I doubt if it would do anything. It's a matter of Court Record. They were all great uncles involved, seven of them. There would have been eight except aunt Winnie came along that night. They only were Sentenced for killing the Chinese who were living with the Aboriginal Women. That's how Giru became to be settled. My Grandfather & Grandmother used to tell me stories of those days.

Actually in the Palmer River Gold Fields the local Aboriginal used to raid the Mines & take the Chinese. They would tie them to tree branches by their Topknots & butcher them later. Grain fed meat tastes better apparently. But I suppose we are not supposed to talk about aboriginals killing Whites or Chinese. It's only bad if it's the other way around.
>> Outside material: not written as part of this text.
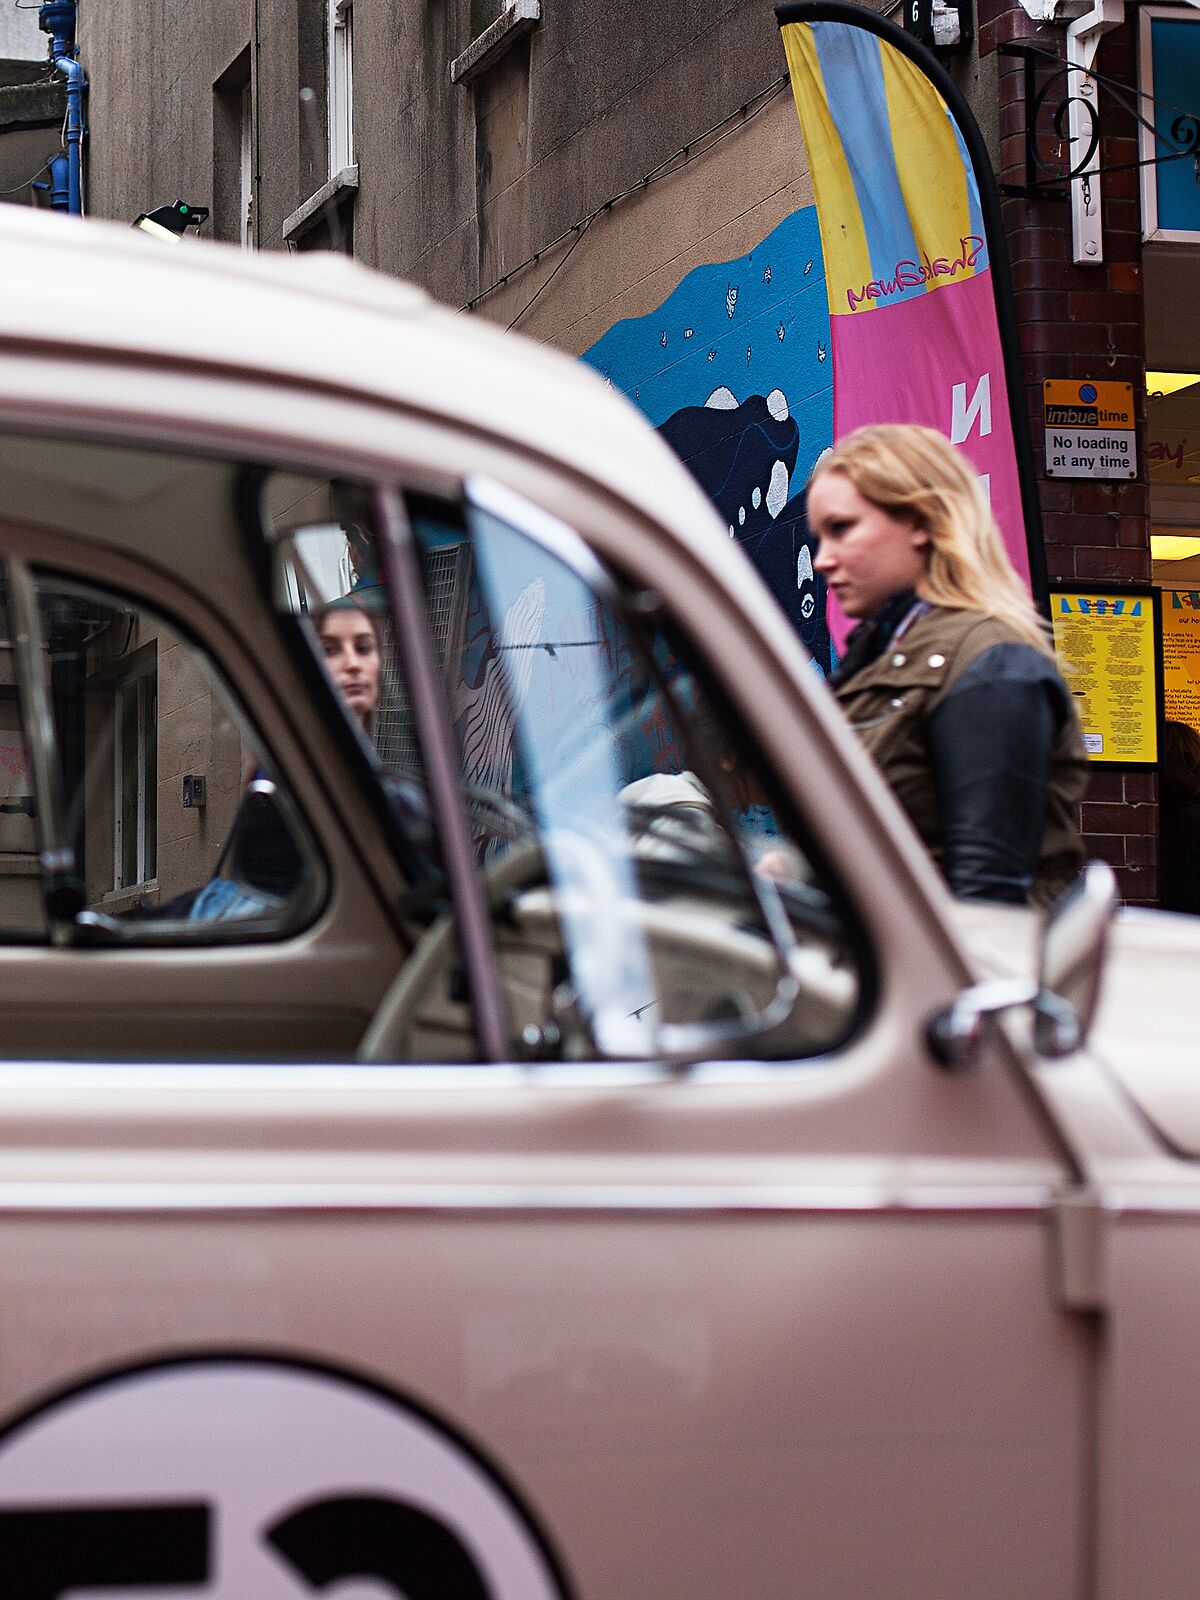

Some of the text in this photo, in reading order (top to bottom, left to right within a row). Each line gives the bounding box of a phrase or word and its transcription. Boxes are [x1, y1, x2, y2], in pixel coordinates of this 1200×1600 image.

OP2: You say most aborigines don't want the change... Where are you getting your facts?

Where did I say that?

OP2: Nice that you can whitewash the breeding out of the black systems

I whitewashed nothing. I said it can be done because they are essentially Caucasian Sub-race Australoid. The Aboriginal DNA will readily mix with Anglo-Saxon because of that. No so with the Amerindians & SE Asians.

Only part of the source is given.